This is the second time I’ve worked with “Ms. S”. It’s funny how a little familiarity will add that much more to a shoot. In find that whether I’m shooting models or family portraits, having worked with the client before makes things go much smoother. Such was the case this time, and I wanted to bring “Ms. S” into the studio. Our previous shoot had been an outdoor, cityscape style shoot. “Ms. S” is tall, thin, very pretty and has cheekbones…high fashion seems like a good fit for her!
[click “continue reading” below for more…]
I borrowed my friend Mike Moore’s studio for the shoot. He’s a much better photographer than I will ever be! And I’m not just saying that because he let me use his studio. I’m saying that because he started young, and I don’t stand a chance of catching up. We had Lindsey Dickenson as makeup artist. “Ms. S” did her own hair, which looked great! And I pushed buttons and muttered to myself a lot, as I usually do.
I concocted a theme of colored cellophane for the shoot, which I surprised “Ms. S” with when she arrived. So along with all the lighting to set up, I had to rig cellophane and mylar wrapping paper rolls, hanging from C-stands.
The basic lighting setup started with:
– Alien Bees B800 on one side, and two ganged SB-28s on the other, lighting the white background.
– Norman 200B as key light, smacked into an 8 ft V-card, wide open, camera right. I say “started with”, because my Norman always runs out of battery juice half way through a studio shoot.

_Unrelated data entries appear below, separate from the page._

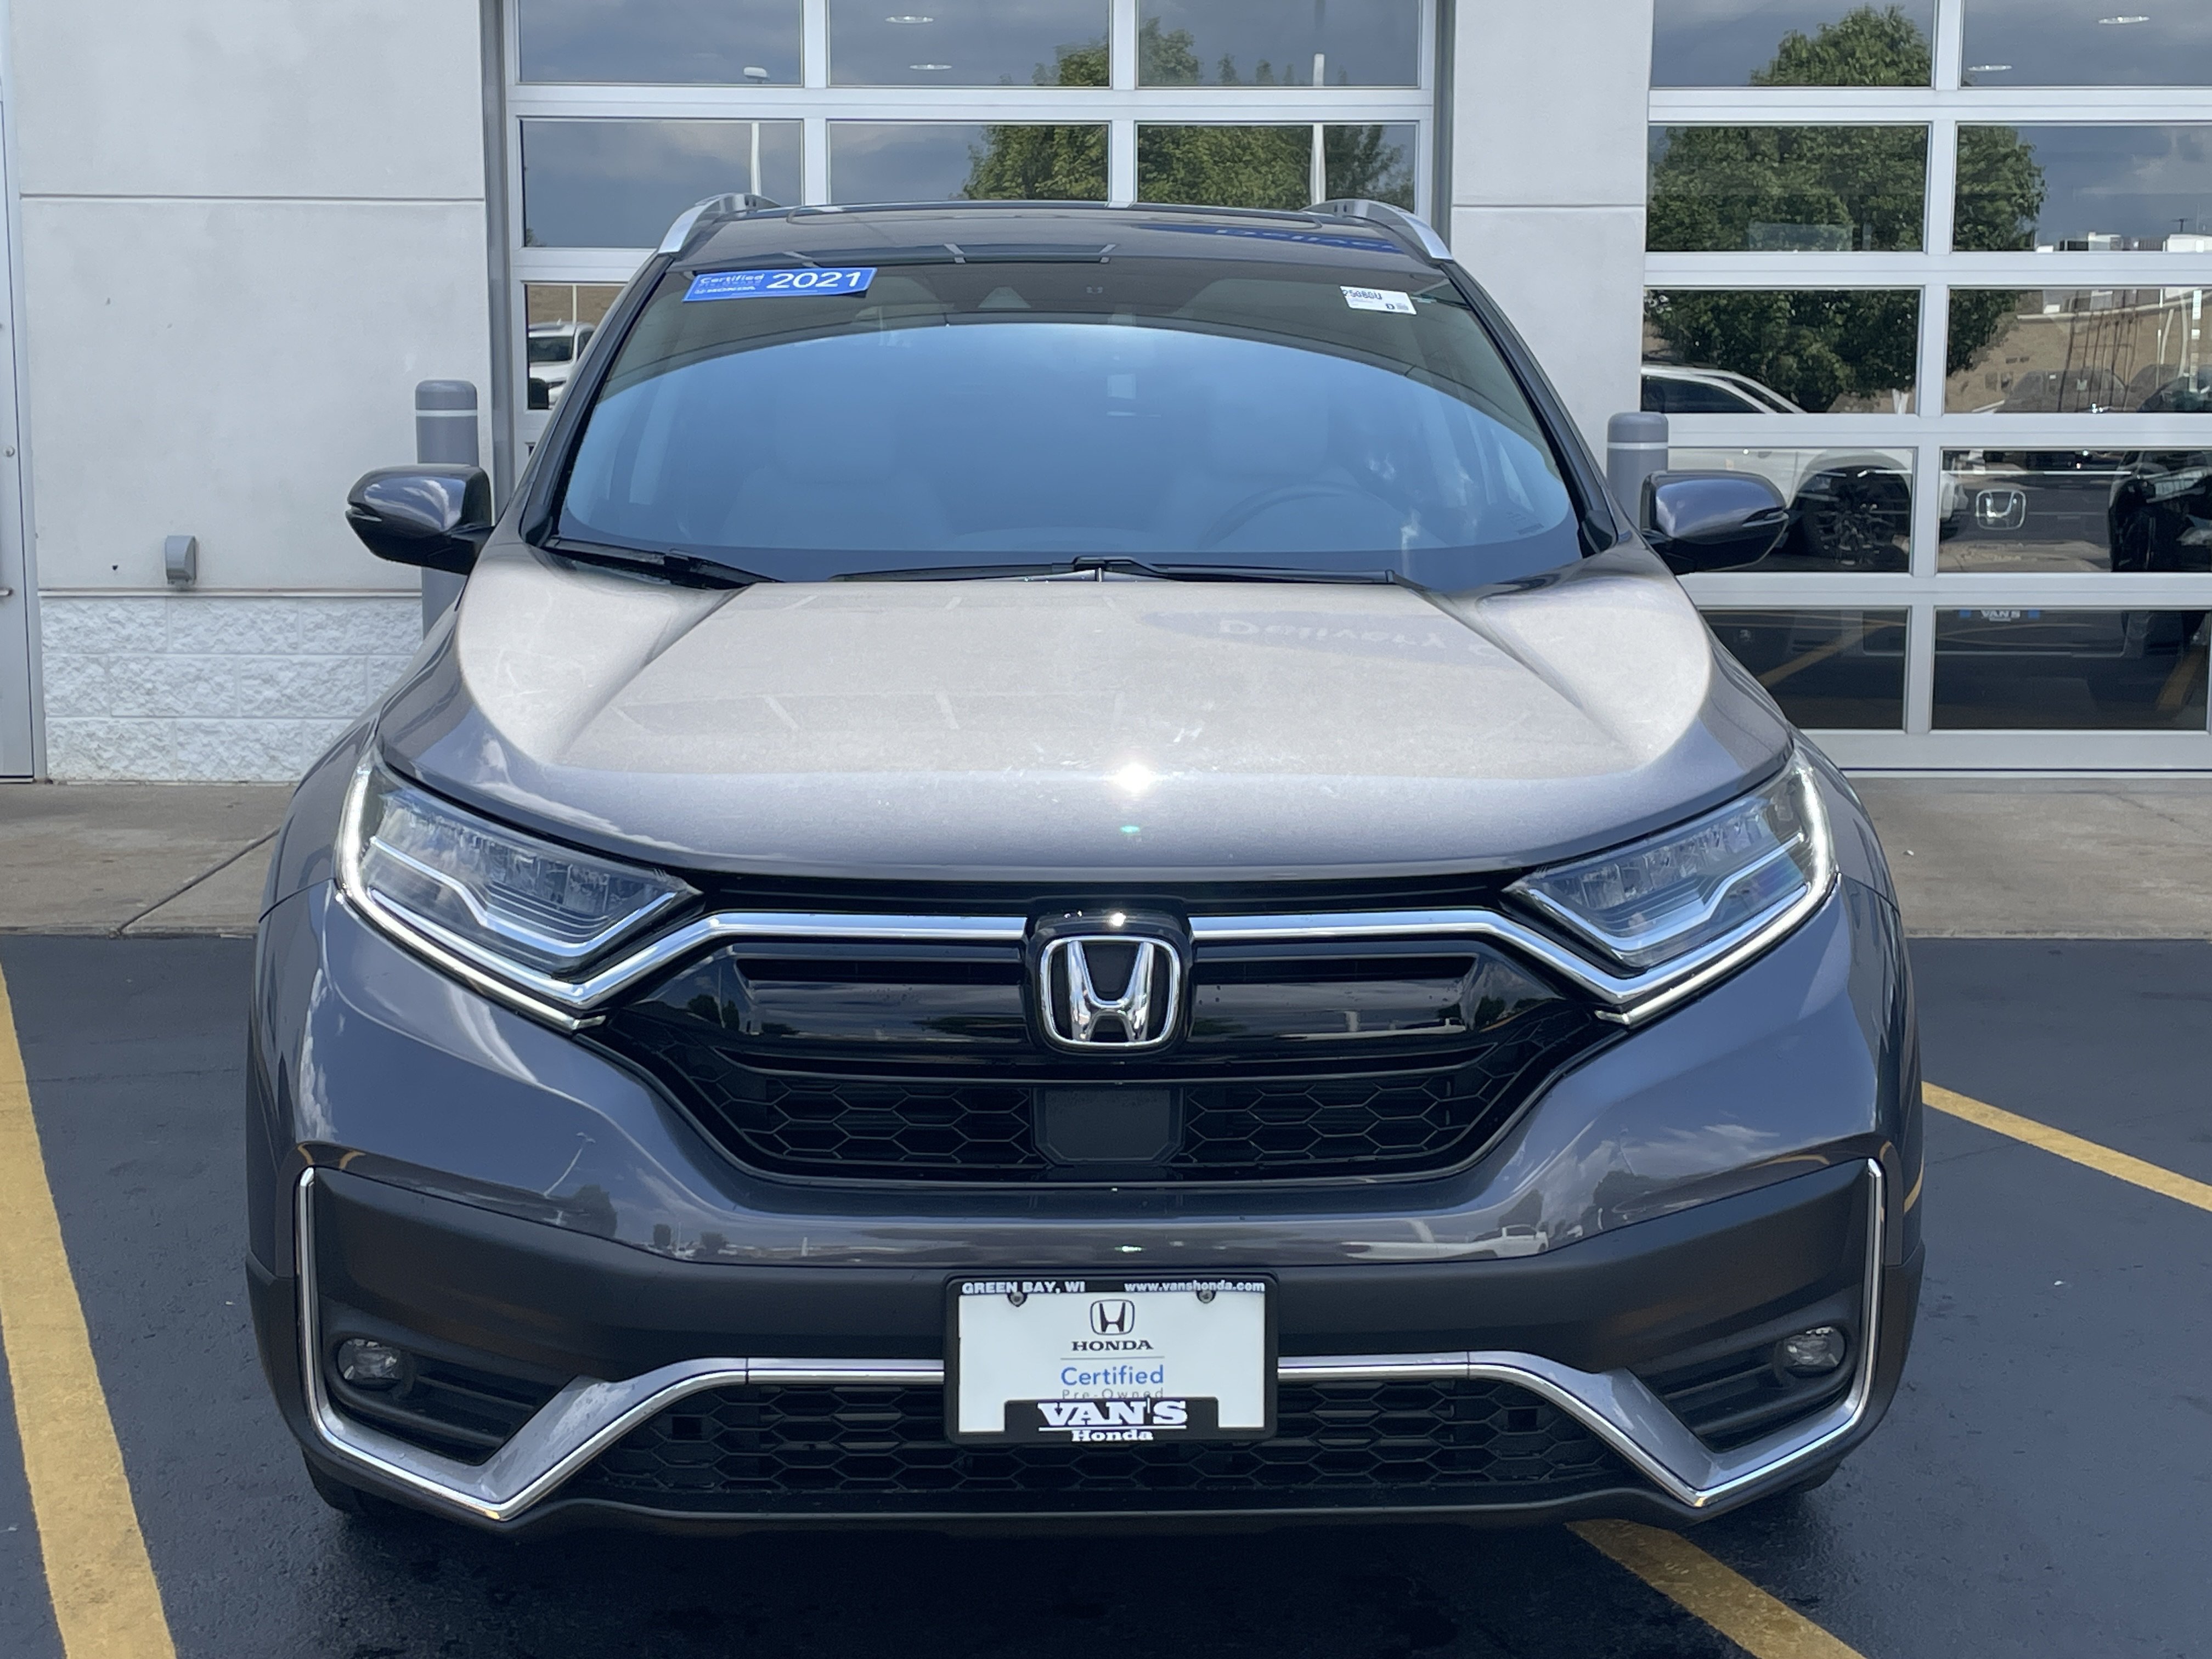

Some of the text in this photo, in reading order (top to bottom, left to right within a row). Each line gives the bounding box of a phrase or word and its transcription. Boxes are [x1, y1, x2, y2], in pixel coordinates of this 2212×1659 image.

[699, 273, 765, 284] Certified
[766, 271, 861, 289] 2021
[961, 1281, 1086, 1295] GREEN BAY, WI
[1124, 1279, 1266, 1292] www.vanshonda.com
[1071, 1339, 1154, 1352] HONDA
[1060, 1364, 1164, 1386] Certified
[1062, 1387, 1164, 1399] Pre-Owned
[1036, 1397, 1188, 1426] VAN'S
[1071, 1429, 1154, 1442] Honda

– SB-28 in an umbrella, camera left, as fill. It was perched above a 4 ft V-card which was acting as a reflector. You can see the V-card setup below, although the lighting was changed (I’ll explain that later).
While “Ms. S’s” dress was wonderful, I thought she should slip into something a little more…shiny? Here she is, wearing the mylar wrapping paper used earlier as a prop. Seems like a better use for it, doesn’t it?
I originally set up the lighting for the shot below in reverse, sort of. If you’ll look at the setup shot at the end of this post, you can see that I’ve got two V-cards, both with strobes firing into them. The one on image left has two SB-28s…my Norman had run out of juice by then, so I grabbed the one background light and used it as the main instead. Image right is the smaller V-card, with a single SB-28, used as fill. Looking for a very large, soft light source here, but with some horizontal contrast. I had planned to shoot through the two V-cards, which is what I initially did. “Ms. S’s” head was toward the gap, and her legs toward the background.
But then I came around the side, and shot from this angle. Lights are to camera left. “Ms. S” becomes somewhat backlit, or “short lit” really. Much more drama, and my favorite shots of the day.
The shot below was while shooting through the V-card gap, but I used my homemade tilt lens to get some weird focal plane stuff. Note how her hair is out of focus, yet her mouth—which is the same distance from the camera—is sharp. And the really nitpicky people will point out that the eyes are not that sharp. Hey, it’s a homemade, manually focused tube with a lens stuck on the end! All hooked up to an expensive digital camera. That’s just the way I roll, innit?
Gave it a little bit of a polaroid look here, since it was going down the lo-fi route anyway.
Lindsey did a really great mid-shoot makeup change, putting some uber-fashionable yellow eyeshadow on “Ms. S”. Matched her yellow top and everything. However I lit the model pretty harshly, which looked much better in black and white. Below you can see “Ms. S”, all growly-looking. She’s got a beautiful smile, but when I ask her to do the “hey photographer, you’re a moron” look…well, it’s withering!
For lighting, I had an SB-28 brushing he background, which was a 4×8′ black foamcore sheet (courtesy of Mike Moore’s studio…hope he didn’t mind!). I think the main light was the Alien Bees in an umbrella camera left, and a V-card to camera right. We were running out of time, and I have no idea what I was doing at that point. Improvising, basically. Apologies to Lindsey for not showing the cool yellow look in color!
And below, the lowly set up shot. The big bright spot image-left is the Alien Bees. For the initial shoots, I’m standing in the place where the dual SB-28s would have been, lighting the bg. The V-card would have had the Norman up high, about seven or eight feet, pointing downward. And the image-right SB-28 was in an umbrella, peaking over the short V-card. But lighting is a fluid thing: what I imagine in my head beforehand, gets modified pretty quickly.
Thanks “Ms. S”! It was great working with you again.